Gracepoint provides a weekly meal for the marginalized and sees over 200 people come every Sunday evening. Pastor Rick Bayer emphasizes the value he feels in the Peninsular Pastors Network: “I’m committed to it and try to see the ‘John 17 church’ as one.”
Klenner and Cooper recently met with White Rock Mayor Wayne Baldwin.
“We asked him, ‘What can we do as churches to serve the city?’ He was very responsive,” Klenner says. “Of late there have been two devastating fires in White Rock; the mayor called us to see if the churches could provide support.”
[Klenner, Cooper and several other pastors from all over Surrey have also met with Surrey Mayor Linda; see story here.]
A Rocha: caring for creation
A Rocha is a unique ministry. It has bases in a number of countries, and their main centre for Canada is in South Surrey. The vision for A Rocha is “the transformation of people and places by showing God’s love for all creation.”
A Rocha Canada is involved in hands-on conservation projects, environmental education programs and sustainable agriculture initiatives across the country.
Beginning in 2000, they established the first Field Study Centre on a target area of the Little Campbell Watershed where it runs from Langley in the east, through South Surrey and White Rock before entering Semiahmoo Bay.

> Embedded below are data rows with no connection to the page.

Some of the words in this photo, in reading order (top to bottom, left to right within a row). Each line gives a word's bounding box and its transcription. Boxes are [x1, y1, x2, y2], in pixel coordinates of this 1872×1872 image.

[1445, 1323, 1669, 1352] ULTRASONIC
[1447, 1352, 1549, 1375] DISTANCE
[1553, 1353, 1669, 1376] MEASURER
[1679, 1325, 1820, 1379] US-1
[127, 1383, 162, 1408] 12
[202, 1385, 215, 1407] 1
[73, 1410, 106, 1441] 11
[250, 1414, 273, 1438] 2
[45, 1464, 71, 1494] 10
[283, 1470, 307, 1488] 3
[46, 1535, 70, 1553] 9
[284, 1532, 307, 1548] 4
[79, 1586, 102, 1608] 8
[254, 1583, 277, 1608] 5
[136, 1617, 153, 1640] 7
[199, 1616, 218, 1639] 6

In addition to restoration and conservation work on the river, the work focuses on research, community agriculture, sustainable living and environmental education programs. They host more than 2,000 students every year. Their home base – Brooksdale Environmental Centre (16th Avenue and 192nd Street) – trains 30 interns every year and is a living classroom where people come from all over the world to get their hands dirty in creation care.
Attractive for seniors
The community of South Surrey / White Rock is thought to have the highest per capita seniors population of any region in The Lower Mainland. One of the many seniors residences is Westminster House.

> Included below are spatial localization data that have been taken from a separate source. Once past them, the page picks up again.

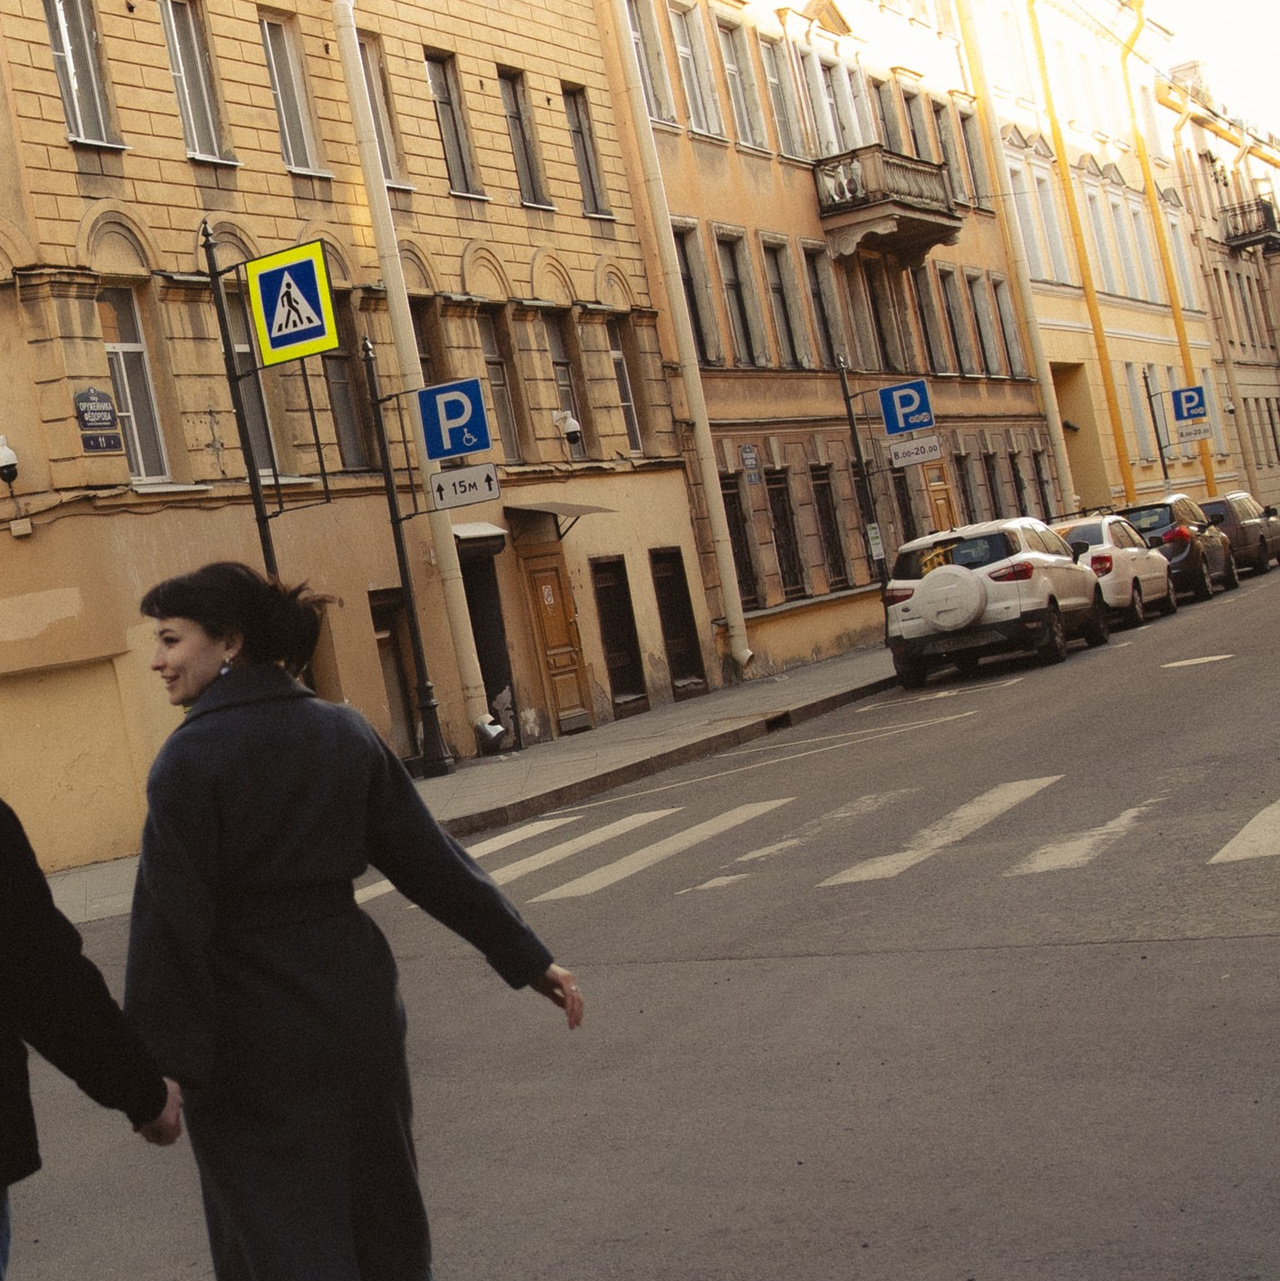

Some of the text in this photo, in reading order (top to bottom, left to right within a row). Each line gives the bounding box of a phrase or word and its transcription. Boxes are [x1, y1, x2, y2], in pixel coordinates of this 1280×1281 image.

[892, 388, 920, 428] P
[1180, 391, 1199, 417] P
[436, 391, 472, 450] P
[98, 436, 106, 448] 11
[893, 444, 938, 460] 8.00-20.00
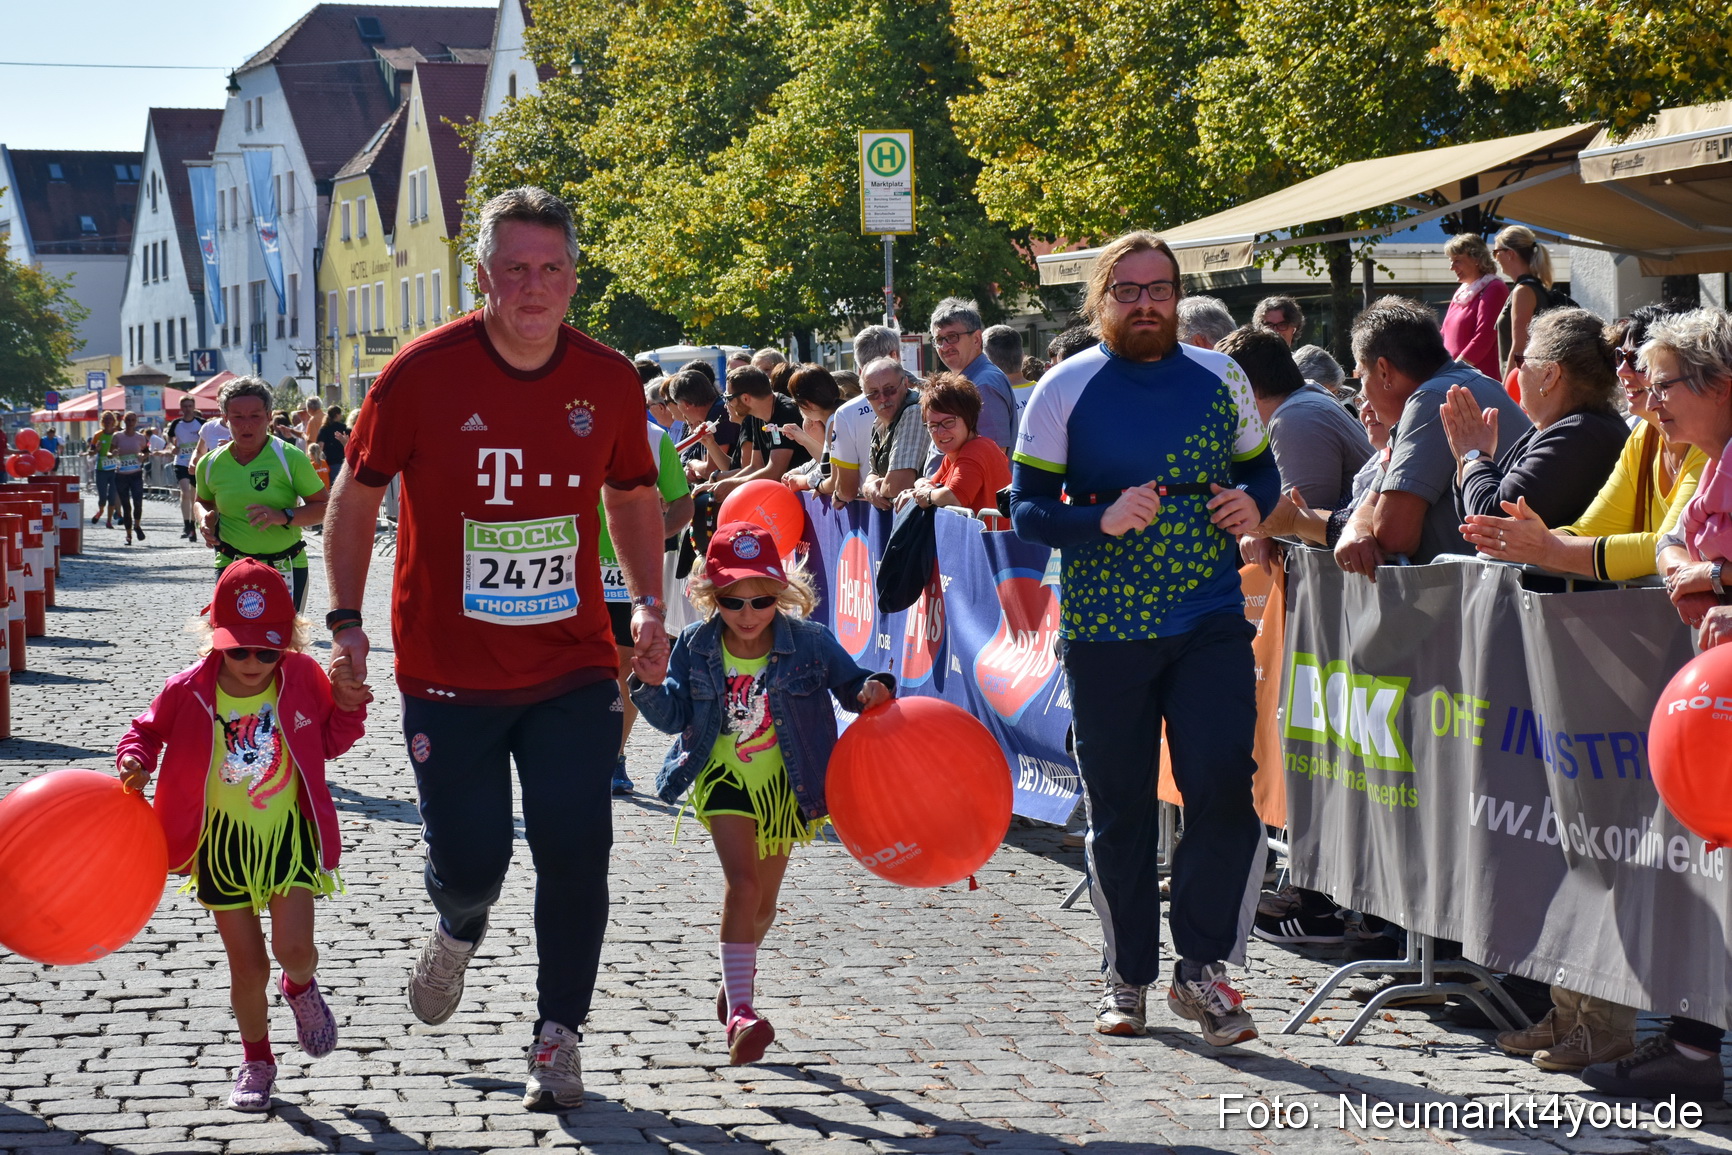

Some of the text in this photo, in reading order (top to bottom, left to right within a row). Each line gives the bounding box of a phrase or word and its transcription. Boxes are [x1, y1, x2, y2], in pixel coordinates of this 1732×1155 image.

[877, 146, 896, 168] H
[350, 260, 368, 280] HOTEL
[858, 405, 873, 416] 20.
[461, 424, 488, 432] adidas
[475, 522, 570, 548] BOCK
[479, 555, 564, 590] 2473
[475, 594, 570, 614] THORSTEN
[886, 848, 922, 869] energie

Gord McNaughton, general manager of Westminster, says. “The needs our new residents arrive with are more complex than would have been the case a few years ago,”
Pastor Walter Opmeer says, “The typical stay may only be 12 – 18 months.” Pastors are on site six days a week and offer services such as Sunday nondenominational church services, Bible studies, hymn sings, breakfast devotionals and pastoral visitation.

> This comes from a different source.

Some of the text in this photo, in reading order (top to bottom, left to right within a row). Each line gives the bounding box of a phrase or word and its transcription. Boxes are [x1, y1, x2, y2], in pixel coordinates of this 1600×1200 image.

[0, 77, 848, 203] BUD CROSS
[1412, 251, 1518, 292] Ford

Opmeer also described the complexity of emotional and spiritual care needed for individuals: “We are also very aware of how common depression can be. People have endured many losses; their home, health, mobility, friends who have died and overall purpose in life. I am often so encouraged that with skilled care, people lift out of depression and engage in the community here.”
White Rock Christian Academy
Started in 1981, White Rock Christian Academy (WRCA) now offers junior kindergarten to grade 12.
“Our target audience is Christian families that are looking for a second home for their kids,” says head of school David Michel.
More than 30 churches are represented in the student body, with over 500 enrolments for 2017/18. The school is in the midst of a building program that will eliminate the 16 portables and replace current buildings.
“We see our optimum size as 600 students – that is two classes per grade,” Michel says.
The school has enjoyed a partnership with a Japanese high school for many years. Up to 20 Japanese students enrol each year, and a number of WRCA students visit Japan annually.